### Exercise directions
Images are to be left out; everything else in the records gets copied exactly.

### Available data
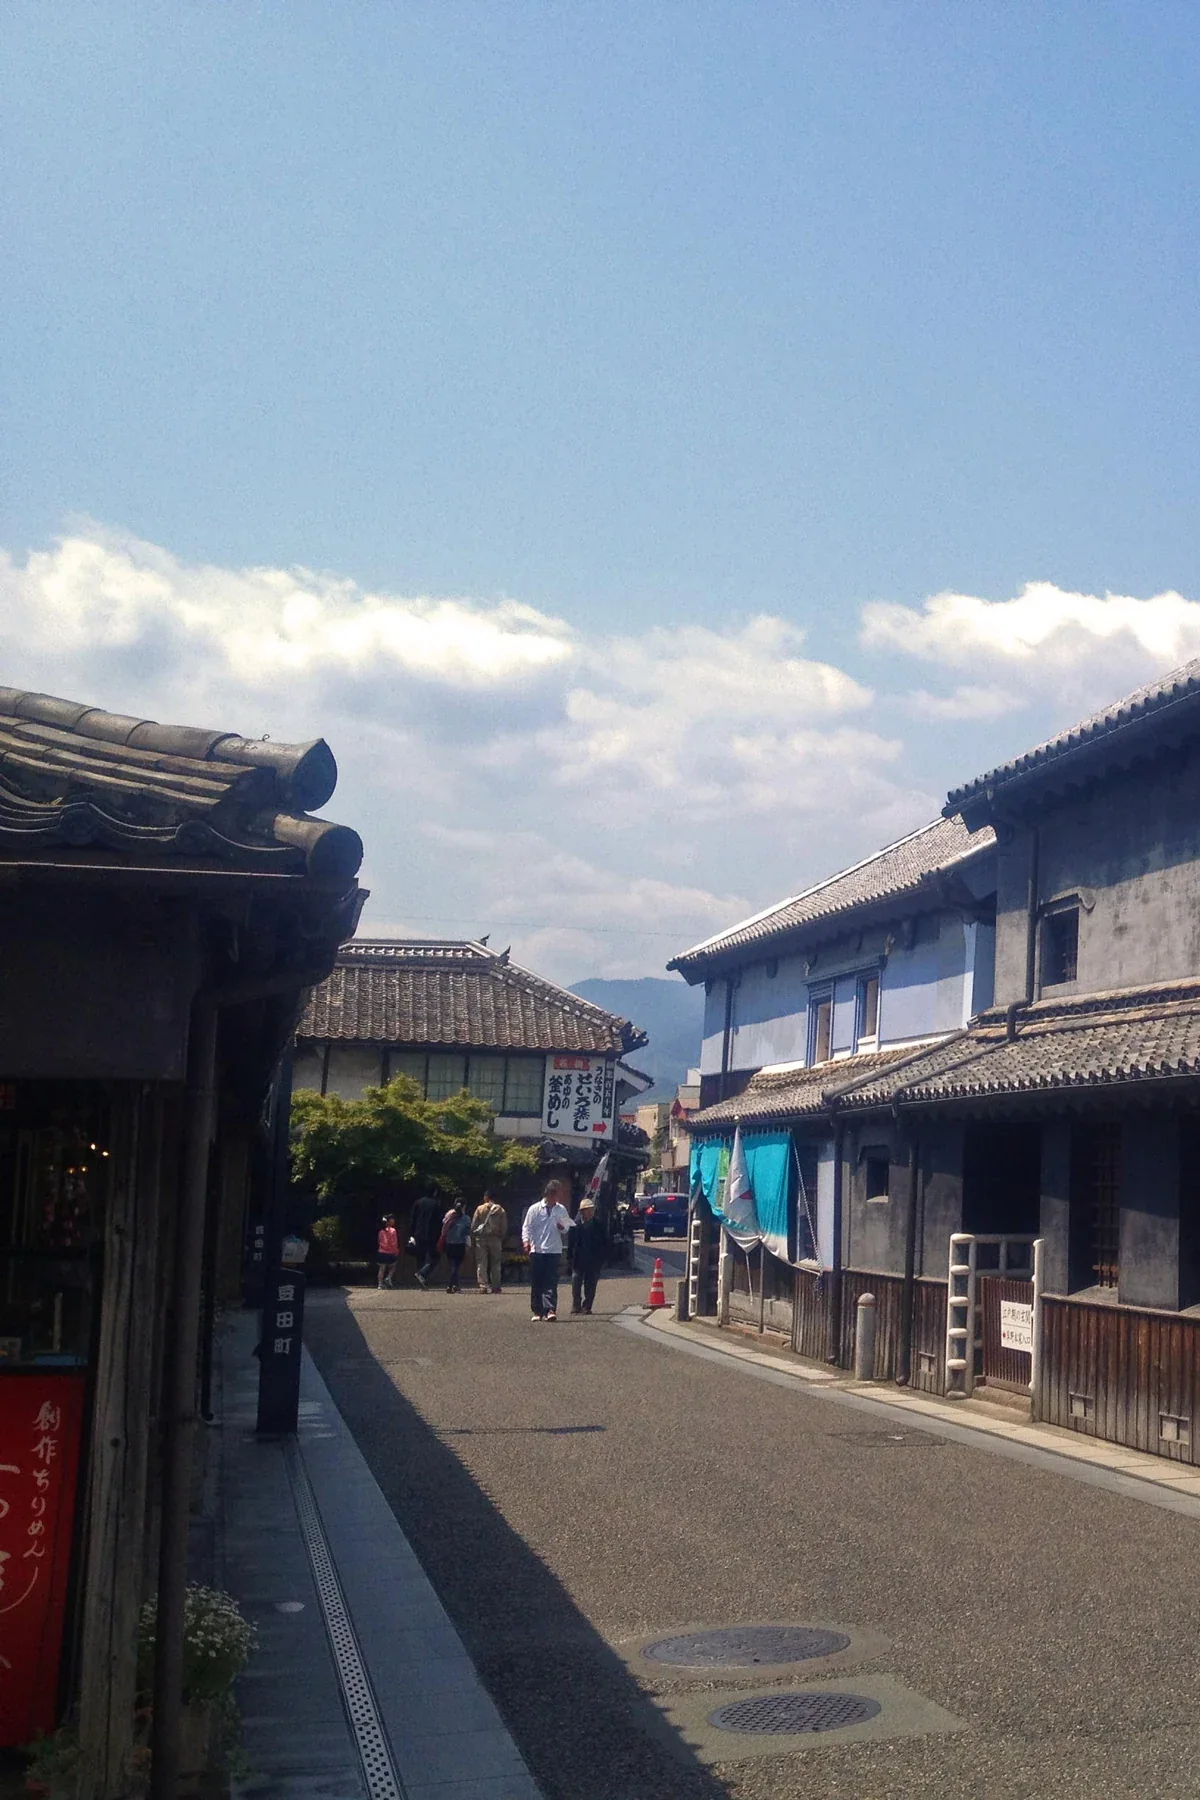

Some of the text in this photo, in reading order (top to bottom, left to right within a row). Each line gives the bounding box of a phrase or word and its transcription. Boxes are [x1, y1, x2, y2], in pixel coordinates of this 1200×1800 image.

[547, 1075, 563, 1129] 釜めし
[561, 1073, 573, 1110] あゆの
[573, 1072, 593, 1132] せいろ蒸し
[274, 1284, 296, 1354] 豆田町
[23, 1400, 61, 1560] 創作ちりめん

### Finished task
Some of the text in this photo, in reading order (top to bottom, left to right within a row). Each line gives the bounding box of a phrase or word and its transcription. Boxes are [x1, y1, x2, y2], in pixel coordinates of this 1200×1800 image.

[547, 1075, 563, 1129] 釜めし
[561, 1073, 573, 1110] あゆの
[573, 1072, 593, 1132] せいろ蒸し
[274, 1284, 296, 1354] 豆田町
[23, 1400, 61, 1560] 創作ちりめん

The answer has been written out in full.